Ambassador Richard C. Holbrooke: And I want to pick up on Bob's point, I agree with everything he said. On the, when I said Iraq's a key issue, I'm not clear how that will play out because it party confronts the same dilemma. You're appealing to the electorate in the primaries to the get nomination and then the general election. Your description of Senator Clinton is not inaccurate. I should have mentioned that among the Democrats running, I'm supporting Senator Clinton, but it's a very strong field and we'll see what happens here. I think the early assumption that she had the nomination in her hand and that the election would be more difficult is not true. I think it will be a tough, tough nomination fight. On the foreign policy issues, very important to underscore, that since at least the Vietnam War, the national security issue has always benefited the Republicans in every Presidential election. The polling afterward showed that for those Americans thought national security was most important issue. The Republicans had a ten to thirty point advantage, including the Kerry-Bush race of 2004. The current polls suggest that it is now roughly even and that's going to be a big issue for the Republicans, because if they can't regain that margin on the national security issue, then they thereby lose two or three points on the national election. And since the last two elections were both, one was a dead tie and the other one was a two point margin for President Bush that could be a critical variable.

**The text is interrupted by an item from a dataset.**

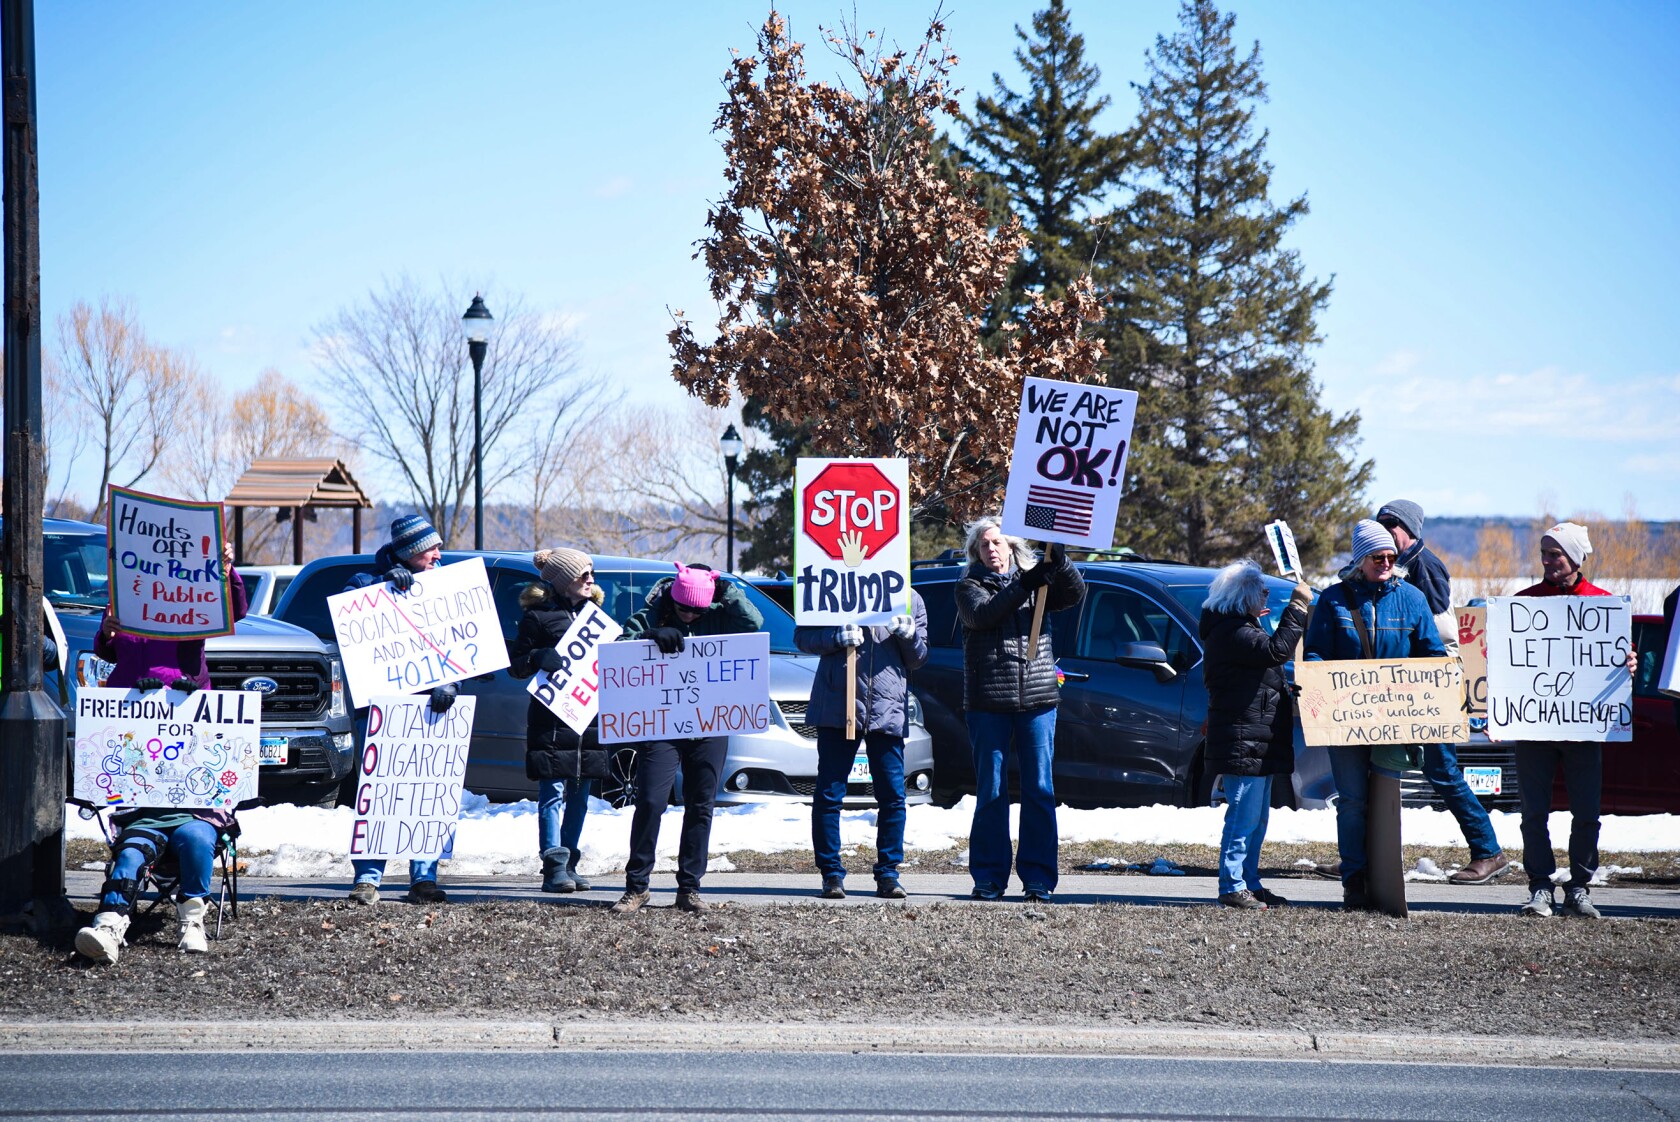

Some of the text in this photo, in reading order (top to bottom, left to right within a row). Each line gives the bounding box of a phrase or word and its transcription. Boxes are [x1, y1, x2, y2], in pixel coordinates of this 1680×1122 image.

Thomas Kleine-Brockhoff: Now you mentioned Hillary Clinton, if you weren't advising John McCain or supporting John McCain but advising Hillary Clinton, how would you advise her to win? Now given that she is, seems to me to be in the same situation. Given that she is in the same situation and seems to be stuck with the same argument that John McCain, not John McCain, sorry, John Kerry in 2004 had to grapple with, which is with regard to the authorization of force by the Senate. If only, if only we had known before, if only, if only before what we know today, we wouldn't have had to vote. That's basically what she is saying today. How would you advise her to win?

Robert B. Zoellick: Let me start out and just to step back again and look at Senator Clinton's candidacy. One of the things that is so striking or ready about this election is that you have the first serious woman candidate for president in U.S. history and yet she is treated as the establishment candidate and somebody says that's kind of shocking to reflect on. And I also think that she, she brings a lot of experience, she is highly intelligent, but she will also carry this baggage of not being Bill Clinton. You can see it when she does the open forum. To me she is very impressive. She knows her stuff, but she doesn't quite have the empathy that Bill did. And one of the other uncertainties here will be how will the electorate feel about Bush, Clinton, Bush, Clinton. So in a way this is kind of the establishment mantle that she carries. Having said that, I think her major challenge will be one that Dick mentioned. I think that there will be a tenancy, but part of this depends on world events, that as you get more towards the general election, people will want to have somebody that they feel comfortable with based on security. And at least the two leading republican candidates today, Rudy Giuliani has the association of 9/11 and Senator McCain obviously has a long military experience of heroism, courage and patriotism. So she is going to want to be strong in that account and so she has to be a little careful how far left she gets pulled. But then, I would also say that part of the challenge which we should talk about is the, sort of the economic anxiety. And here, going back to Dick's point, traditionally the democrats would score better on a healthcare issue or on some of the other domestic issues. And in my first serious campaign, which was '88, one of the lessons that I learned is if you got people talking about your issues, more weeks of the campaign, it is likely to advantage you. So in a sense, since you asked the strategy question, she has got to be good enough on security. She has got to have a position that gives people comfort, but then frankly she has got to try to take the economic anxiety issue and put it to her advantage.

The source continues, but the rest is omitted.